Winter, The Season Of The Expanding Waistline, Is Upon Us

In nature, the seasons change seamlessly.

Temperatures rise or fall, light grows or fades, plants bloom or die, animals hibernate, unless they're moles, in which case they just burrow deeper into the ground where they wait out the cold in cozy dens while pouring over maps of neighborhood lawns and planning future destruction.

But I digress.

In our little worlds above ground, nature also requires us to adapt to the seasonal shift. This time of year, in New England, that means making the transition to winter.

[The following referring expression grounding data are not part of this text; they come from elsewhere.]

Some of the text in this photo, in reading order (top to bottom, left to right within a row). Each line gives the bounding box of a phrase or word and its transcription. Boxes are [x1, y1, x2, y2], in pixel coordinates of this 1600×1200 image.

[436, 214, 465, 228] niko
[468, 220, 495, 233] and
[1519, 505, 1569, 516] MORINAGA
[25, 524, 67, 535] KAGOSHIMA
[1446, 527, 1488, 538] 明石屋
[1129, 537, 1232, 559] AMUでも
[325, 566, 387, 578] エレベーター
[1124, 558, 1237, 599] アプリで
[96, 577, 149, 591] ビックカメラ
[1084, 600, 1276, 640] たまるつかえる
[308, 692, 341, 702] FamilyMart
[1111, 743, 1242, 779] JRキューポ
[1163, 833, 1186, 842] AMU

Around the house this involves dealing with deck furniture, lawn equipment, screens, storms, firewood, furnace, leaves, snowblower, shovels, ice melt, and don't even get me started on the car in winter, about which I have come to realize two things:

They will never make a windshield wiper that can deal with wet snow without becoming ice encrusted and useless. And a car battery, if it is destined to fail, will always do so at the coldest, most inopportune time.

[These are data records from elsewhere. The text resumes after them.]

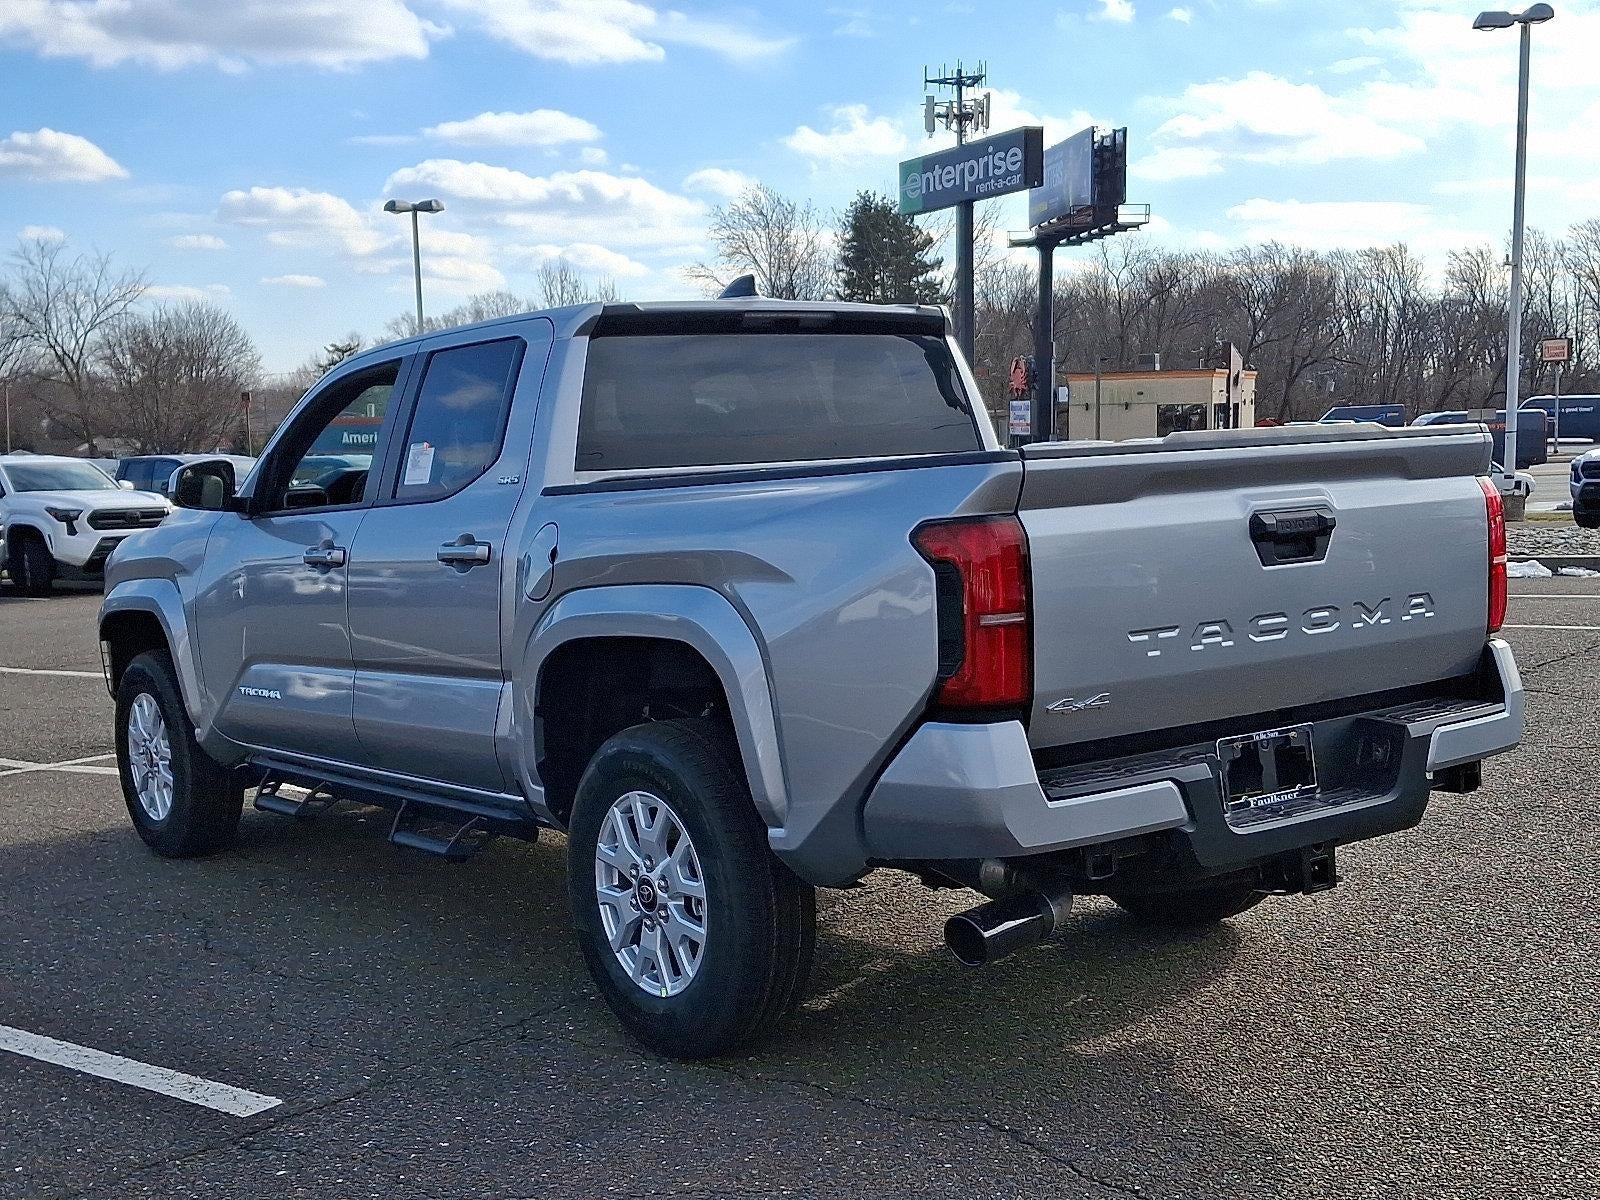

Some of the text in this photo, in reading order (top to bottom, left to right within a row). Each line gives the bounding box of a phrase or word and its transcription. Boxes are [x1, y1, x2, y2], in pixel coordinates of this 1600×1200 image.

[902, 145, 1022, 199] enterprise
[975, 174, 1021, 194] rent-a-car
[1279, 517, 1318, 532] TOYOTA
[1127, 591, 1435, 657] TACOMA
[239, 686, 281, 700] TACOMA
[1250, 791, 1299, 807] Faulkner

Inside the home, the changeover to winter is mostly about clothing. Bins and boxes of wools, fleece and down must be dragged out, and the cheery wear of warm weather retired for its long winter nap.

One benefit of this is that the breaking out of winter attire is like getting a whole new wardrobe. Unlike those poor people who live in boring places like Hawaii and have to wear the same clothes year around, we get to have a complete fashion makeover every seven months or so.

The other advantage is that the donning of bulky sweaters, along with the practice of dressing in layers, corresponds quite conveniently with the arrival of the eating season.

To review, the eating season begins at Halloween and then runs through Thanksgiving, Thanksgiving leftovers, holiday parties, Christmas, and New Years. It is then followed by a long, dark, depressing period of penance called January, which is mercifully interrupted by a total lapse of willpower called Super Bowl Sunday.

During the eating season people tend to gain on average 4 to 10 pounds along with a chin or two. Fortunately, most of us have an entire set of clothing options sized to deal with the expansion.

Just as in nature, there is a seasonal symmetry at work here.